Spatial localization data
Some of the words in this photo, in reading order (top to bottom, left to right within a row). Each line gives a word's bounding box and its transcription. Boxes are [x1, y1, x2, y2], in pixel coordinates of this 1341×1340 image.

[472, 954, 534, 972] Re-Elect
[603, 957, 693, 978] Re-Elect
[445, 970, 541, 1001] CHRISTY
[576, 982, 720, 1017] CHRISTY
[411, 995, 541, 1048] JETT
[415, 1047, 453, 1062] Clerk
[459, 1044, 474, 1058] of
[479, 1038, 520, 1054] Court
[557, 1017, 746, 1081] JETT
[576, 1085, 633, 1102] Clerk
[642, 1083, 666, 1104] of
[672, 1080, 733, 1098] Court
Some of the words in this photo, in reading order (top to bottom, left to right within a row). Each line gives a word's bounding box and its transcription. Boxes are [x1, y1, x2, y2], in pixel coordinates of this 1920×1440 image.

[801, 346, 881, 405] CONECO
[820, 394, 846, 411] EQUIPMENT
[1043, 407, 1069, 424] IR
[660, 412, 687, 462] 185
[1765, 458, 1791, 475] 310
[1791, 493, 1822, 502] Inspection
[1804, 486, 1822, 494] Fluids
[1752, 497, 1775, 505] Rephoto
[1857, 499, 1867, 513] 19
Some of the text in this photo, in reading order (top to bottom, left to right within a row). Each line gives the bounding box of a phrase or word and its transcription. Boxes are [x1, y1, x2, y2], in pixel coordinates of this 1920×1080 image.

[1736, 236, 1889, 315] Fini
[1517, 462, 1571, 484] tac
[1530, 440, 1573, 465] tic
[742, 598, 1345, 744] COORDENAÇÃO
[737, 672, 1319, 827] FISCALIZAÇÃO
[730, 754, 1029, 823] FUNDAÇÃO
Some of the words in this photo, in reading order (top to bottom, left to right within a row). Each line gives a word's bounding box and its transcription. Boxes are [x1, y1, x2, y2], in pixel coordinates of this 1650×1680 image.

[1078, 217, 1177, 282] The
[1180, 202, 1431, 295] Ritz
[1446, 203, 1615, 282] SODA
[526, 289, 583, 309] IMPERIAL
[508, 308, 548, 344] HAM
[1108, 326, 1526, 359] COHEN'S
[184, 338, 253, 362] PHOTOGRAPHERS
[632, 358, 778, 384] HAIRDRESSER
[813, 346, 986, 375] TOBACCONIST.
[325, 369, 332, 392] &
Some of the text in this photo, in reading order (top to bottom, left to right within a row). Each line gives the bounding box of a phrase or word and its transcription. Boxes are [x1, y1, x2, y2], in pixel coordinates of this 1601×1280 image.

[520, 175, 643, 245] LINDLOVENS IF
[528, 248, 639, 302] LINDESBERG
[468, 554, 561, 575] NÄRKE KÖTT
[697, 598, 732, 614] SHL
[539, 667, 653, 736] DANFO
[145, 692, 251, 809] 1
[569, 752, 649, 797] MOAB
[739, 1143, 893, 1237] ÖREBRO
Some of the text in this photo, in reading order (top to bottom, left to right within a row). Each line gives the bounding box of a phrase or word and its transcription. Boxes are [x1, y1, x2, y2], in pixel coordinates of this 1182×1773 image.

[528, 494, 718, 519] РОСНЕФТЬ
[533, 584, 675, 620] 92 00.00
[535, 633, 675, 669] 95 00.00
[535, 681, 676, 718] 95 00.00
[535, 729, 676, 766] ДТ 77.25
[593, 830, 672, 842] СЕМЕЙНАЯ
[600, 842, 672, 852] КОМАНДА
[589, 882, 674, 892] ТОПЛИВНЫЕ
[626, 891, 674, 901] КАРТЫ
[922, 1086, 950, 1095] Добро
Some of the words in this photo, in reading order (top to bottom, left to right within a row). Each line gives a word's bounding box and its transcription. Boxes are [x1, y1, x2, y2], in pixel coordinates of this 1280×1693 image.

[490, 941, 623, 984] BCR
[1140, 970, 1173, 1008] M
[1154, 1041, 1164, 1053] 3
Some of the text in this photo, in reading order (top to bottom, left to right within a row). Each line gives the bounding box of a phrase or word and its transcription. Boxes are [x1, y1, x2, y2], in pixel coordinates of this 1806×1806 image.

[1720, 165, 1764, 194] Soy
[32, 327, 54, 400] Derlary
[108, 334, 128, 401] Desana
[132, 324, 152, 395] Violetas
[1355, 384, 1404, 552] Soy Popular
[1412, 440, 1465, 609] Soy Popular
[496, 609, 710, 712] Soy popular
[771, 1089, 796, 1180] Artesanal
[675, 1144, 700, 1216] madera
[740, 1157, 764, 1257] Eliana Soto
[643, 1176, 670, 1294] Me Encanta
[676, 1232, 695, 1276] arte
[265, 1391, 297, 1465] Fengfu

* Task instructions *
Each record must be output word for word.

* Result *
Some of the words in this photo, in reading order (top to bottom, left to right within a row). Each line gives a word's bounding box and its transcription. Boxes are [x1, y1, x2, y2], in pixel coordinates of this 1341×1340 image.

[472, 954, 534, 972] Re-Elect
[603, 957, 693, 978] Re-Elect
[445, 970, 541, 1001] CHRISTY
[576, 982, 720, 1017] CHRISTY
[411, 995, 541, 1048] JETT
[415, 1047, 453, 1062] Clerk
[459, 1044, 474, 1058] of
[479, 1038, 520, 1054] Court
[557, 1017, 746, 1081] JETT
[576, 1085, 633, 1102] Clerk
[642, 1083, 666, 1104] of
[672, 1080, 733, 1098] Court
Some of the words in this photo, in reading order (top to bottom, left to right within a row). Each line gives a word's bounding box and its transcription. Boxes are [x1, y1, x2, y2], in pixel coordinates of this 1920×1440 image.

[801, 346, 881, 405] CONECO
[820, 394, 846, 411] EQUIPMENT
[1043, 407, 1069, 424] IR
[660, 412, 687, 462] 185
[1765, 458, 1791, 475] 310
[1791, 493, 1822, 502] Inspection
[1804, 486, 1822, 494] Fluids
[1752, 497, 1775, 505] Rephoto
[1857, 499, 1867, 513] 19
Some of the text in this photo, in reading order (top to bottom, left to right within a row). Each line gives the bounding box of a phrase or word and its transcription. Boxes are [x1, y1, x2, y2], in pixel coordinates of this 1920×1080 image.

[1736, 236, 1889, 315] Fini
[1517, 462, 1571, 484] tac
[1530, 440, 1573, 465] tic
[742, 598, 1345, 744] COORDENAÇÃO
[737, 672, 1319, 827] FISCALIZAÇÃO
[730, 754, 1029, 823] FUNDAÇÃO
Some of the words in this photo, in reading order (top to bottom, left to right within a row). Each line gives a word's bounding box and its transcription. Boxes are [x1, y1, x2, y2], in pixel coordinates of this 1650×1680 image.

[1078, 217, 1177, 282] The
[1180, 202, 1431, 295] Ritz
[1446, 203, 1615, 282] SODA
[526, 289, 583, 309] IMPERIAL
[508, 308, 548, 344] HAM
[1108, 326, 1526, 359] COHEN'S
[184, 338, 253, 362] PHOTOGRAPHERS
[632, 358, 778, 384] HAIRDRESSER
[813, 346, 986, 375] TOBACCONIST.
[325, 369, 332, 392] &
Some of the text in this photo, in reading order (top to bottom, left to right within a row). Each line gives the bounding box of a phrase or word and its transcription. Boxes are [x1, y1, x2, y2], in pixel coordinates of this 1601×1280 image.

[520, 175, 643, 245] LINDLOVENS IF
[528, 248, 639, 302] LINDESBERG
[468, 554, 561, 575] NÄRKE KÖTT
[697, 598, 732, 614] SHL
[539, 667, 653, 736] DANFO
[145, 692, 251, 809] 1
[569, 752, 649, 797] MOAB
[739, 1143, 893, 1237] ÖREBRO
Some of the text in this photo, in reading order (top to bottom, left to right within a row). Each line gives the bounding box of a phrase or word and its transcription. Boxes are [x1, y1, x2, y2], in pixel coordinates of this 1182×1773 image.

[528, 494, 718, 519] РОСНЕФТЬ
[533, 584, 675, 620] 92 00.00
[535, 633, 675, 669] 95 00.00
[535, 681, 676, 718] 95 00.00
[535, 729, 676, 766] ДТ 77.25
[593, 830, 672, 842] СЕМЕЙНАЯ
[600, 842, 672, 852] КОМАНДА
[589, 882, 674, 892] ТОПЛИВНЫЕ
[626, 891, 674, 901] КАРТЫ
[922, 1086, 950, 1095] Добро
Some of the words in this photo, in reading order (top to bottom, left to right within a row). Each line gives a word's bounding box and its transcription. Boxes are [x1, y1, x2, y2], in pixel coordinates of this 1280×1693 image.

[490, 941, 623, 984] BCR
[1140, 970, 1173, 1008] M
[1154, 1041, 1164, 1053] 3
Some of the text in this photo, in reading order (top to bottom, left to right within a row). Each line gives the bounding box of a phrase or word and its transcription. Boxes are [x1, y1, x2, y2], in pixel coordinates of this 1806×1806 image.

[1720, 165, 1764, 194] Soy
[32, 327, 54, 400] Derlary
[108, 334, 128, 401] Desana
[132, 324, 152, 395] Violetas
[1355, 384, 1404, 552] Soy Popular
[1412, 440, 1465, 609] Soy Popular
[496, 609, 710, 712] Soy popular
[771, 1089, 796, 1180] Artesanal
[675, 1144, 700, 1216] madera
[740, 1157, 764, 1257] Eliana Soto
[643, 1176, 670, 1294] Me Encanta
[676, 1232, 695, 1276] arte
[265, 1391, 297, 1465] Fengfu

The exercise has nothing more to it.